Skin cancer, particularly melanoma, remains a major cause of morbidity and mortality, making early detection critical. AI-driven dermatology systems often rely on skin lesion segmentation as a preprocessing step to delineate the lesion from surrounding skin and support downstream analysis. While fairness concerns regarding skin tone have been widely studied for lesion classification, the influence of skin tone on the segmentation stage remains under-quantified and is frequently assessed using coarse, discrete skin tone categories. In this work, we evaluate three strong segmentation architectures (UNet, DeepLabV3 with a ResNet50 backbone, and DINOv2) on two public dermoscopic datasets (HAM10000 and ISIC2017) and introduce a continuous pigment or contrast analysis that treats pixel-wise ITA values as distributions.
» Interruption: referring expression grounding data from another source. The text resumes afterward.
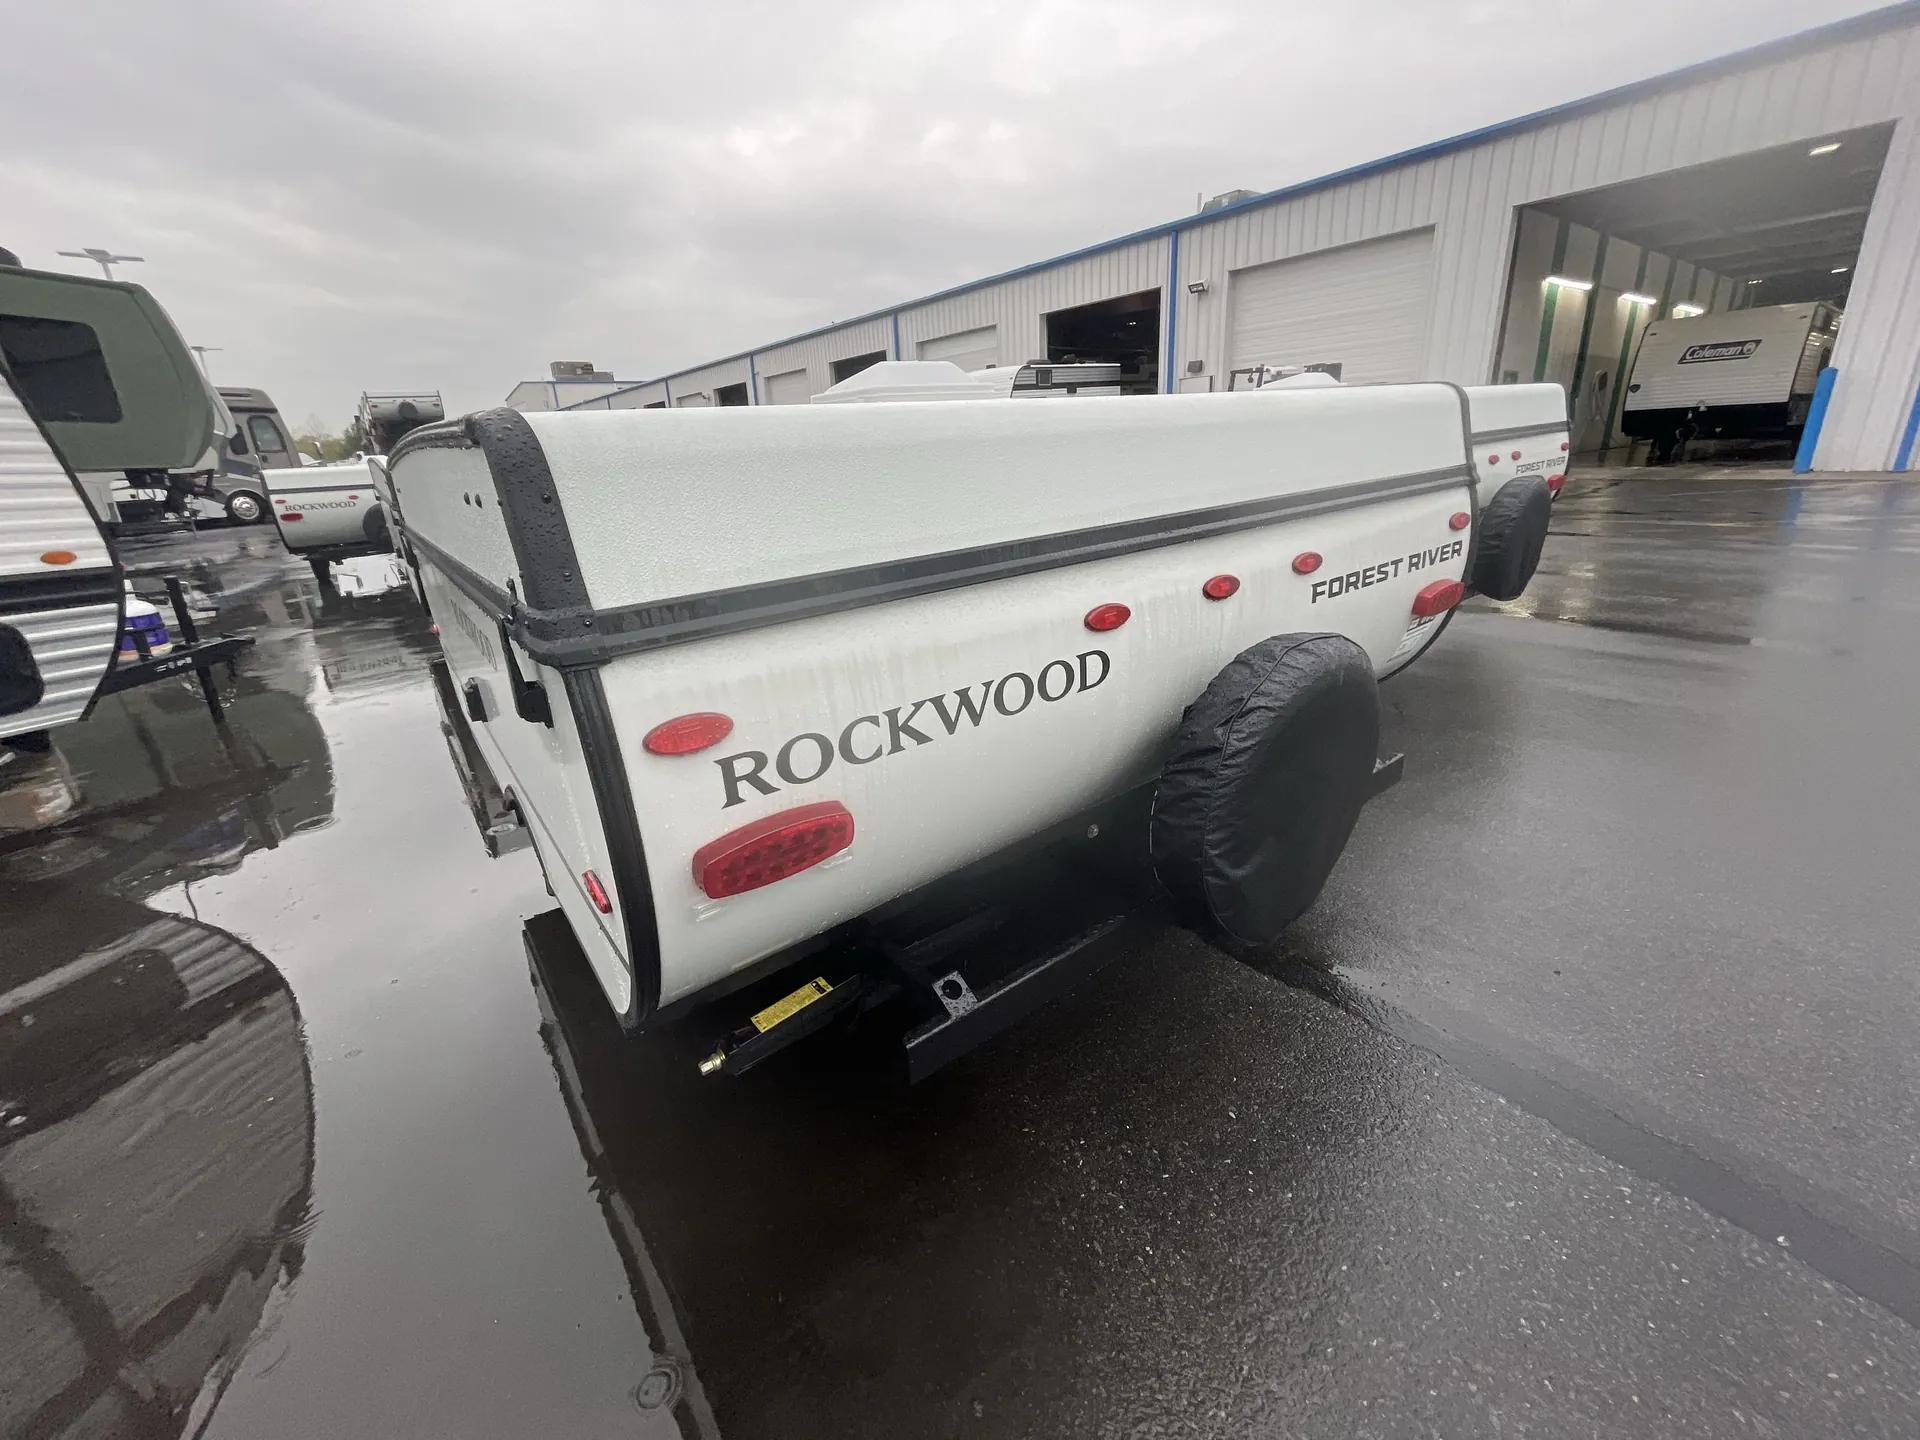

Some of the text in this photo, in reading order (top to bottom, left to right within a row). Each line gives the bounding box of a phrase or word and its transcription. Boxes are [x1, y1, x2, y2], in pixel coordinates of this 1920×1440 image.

[1687, 346, 1741, 360] Coleman
[1516, 456, 1566, 475] FOREST RIVER
[285, 501, 356, 511] ROCKWOOD
[1311, 540, 1463, 604] FOREST RIVER
[714, 649, 1111, 810] ROCKWOOD
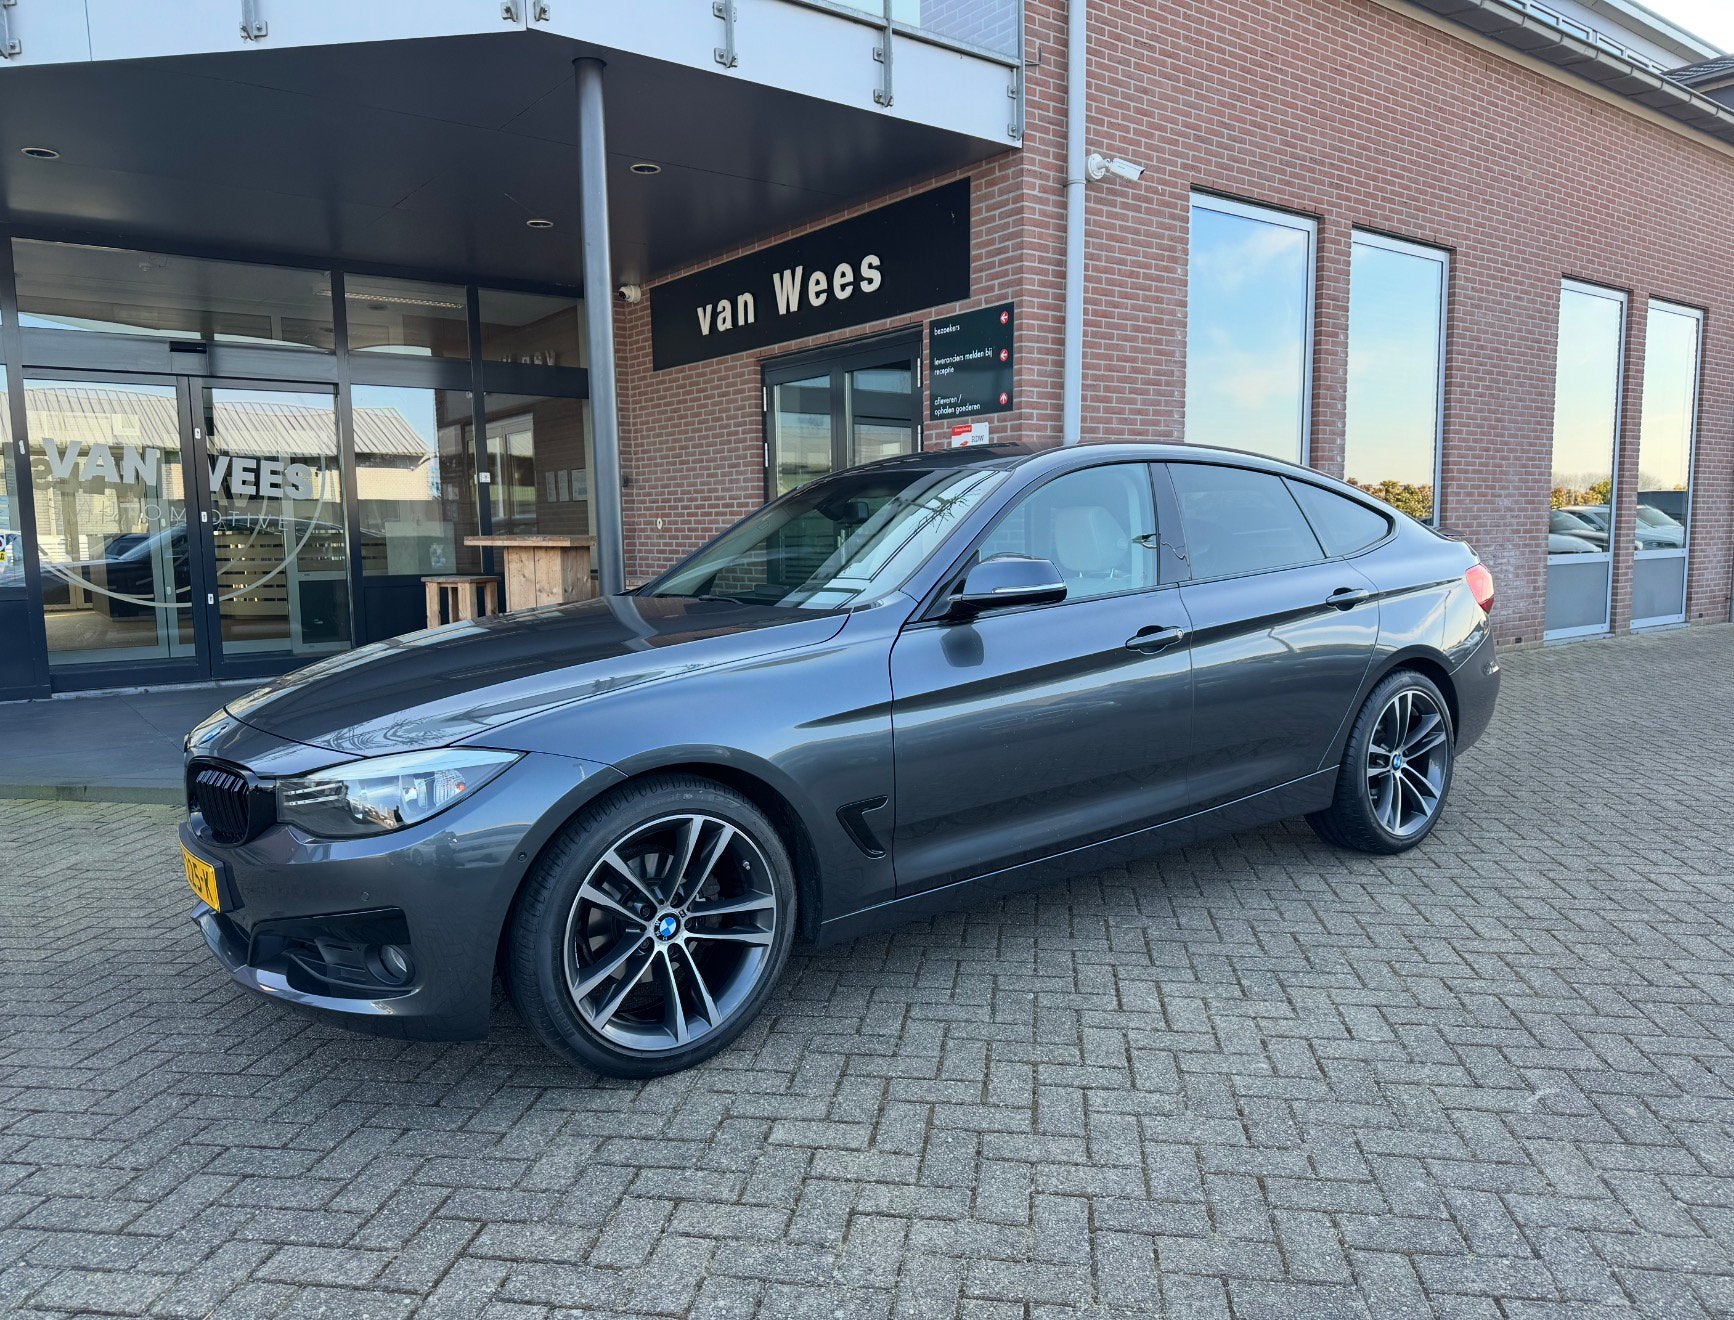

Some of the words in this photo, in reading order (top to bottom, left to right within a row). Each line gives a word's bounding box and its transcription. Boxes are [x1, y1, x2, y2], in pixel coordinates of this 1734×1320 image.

[697, 292, 755, 336] van
[772, 254, 882, 315] Wees
[934, 323, 960, 336] bezoekers
[934, 354, 964, 366] leveranciers
[964, 349, 984, 360] melden
[985, 347, 993, 359] bij
[934, 366, 955, 376] receptie
[934, 396, 957, 406] afleveren
[934, 405, 955, 417] ophalen
[955, 403, 981, 415] goederen
[971, 434, 985, 443] RDW
[42, 437, 158, 486] VAN
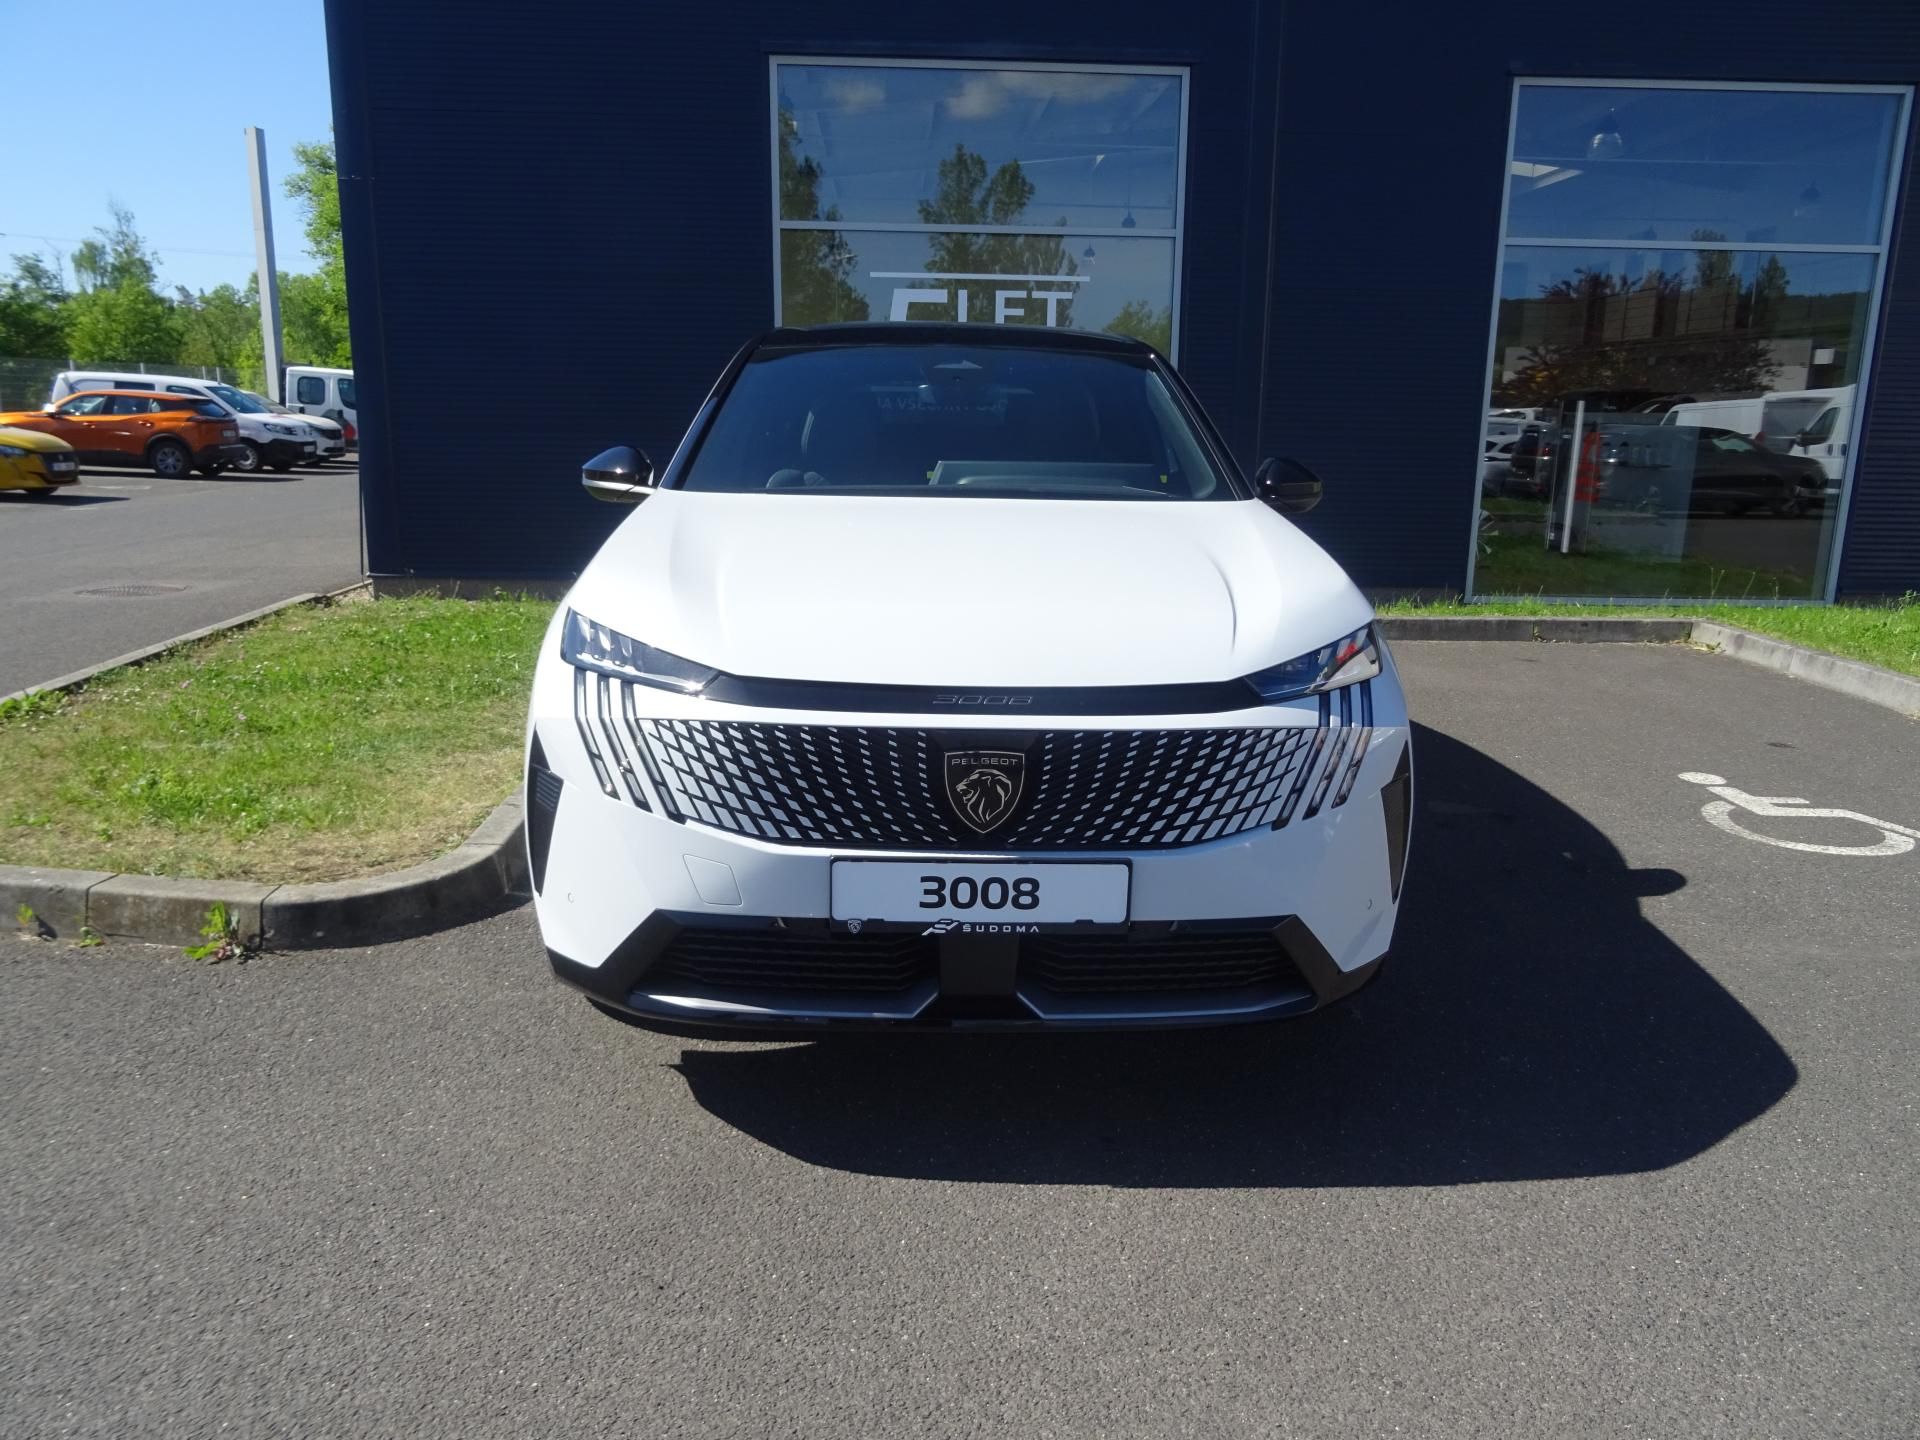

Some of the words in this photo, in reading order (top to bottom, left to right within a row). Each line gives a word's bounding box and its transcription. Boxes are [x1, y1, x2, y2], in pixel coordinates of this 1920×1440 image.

[932, 694, 1034, 705] 3008
[951, 757, 1019, 766] PEUGEOT
[918, 875, 1040, 910] 3008
Using Wasserstein distances between within-image distributions for skin-only, lesion-only, and whole-image regions, we quantify lesion skin contrast and relate it to segmentation performance across multiple metrics. Within the range represented in these datasets, global skin tone metrics (Fitzpatrick grouping or mean ITA) show weak association with segmentation quality. In contrast, low lesion-skin contrast is consistently associated with larger segmentation errors in models, indicating that boundary ambiguity and low contrast are key drivers of failure. These findings suggest that fairness improvements in dermoscopic segmentation should prioritize robust handling of low-contrast lesions, and the distribution-based pigment measures provide a more informative audit signal than discrete skin-tone categories.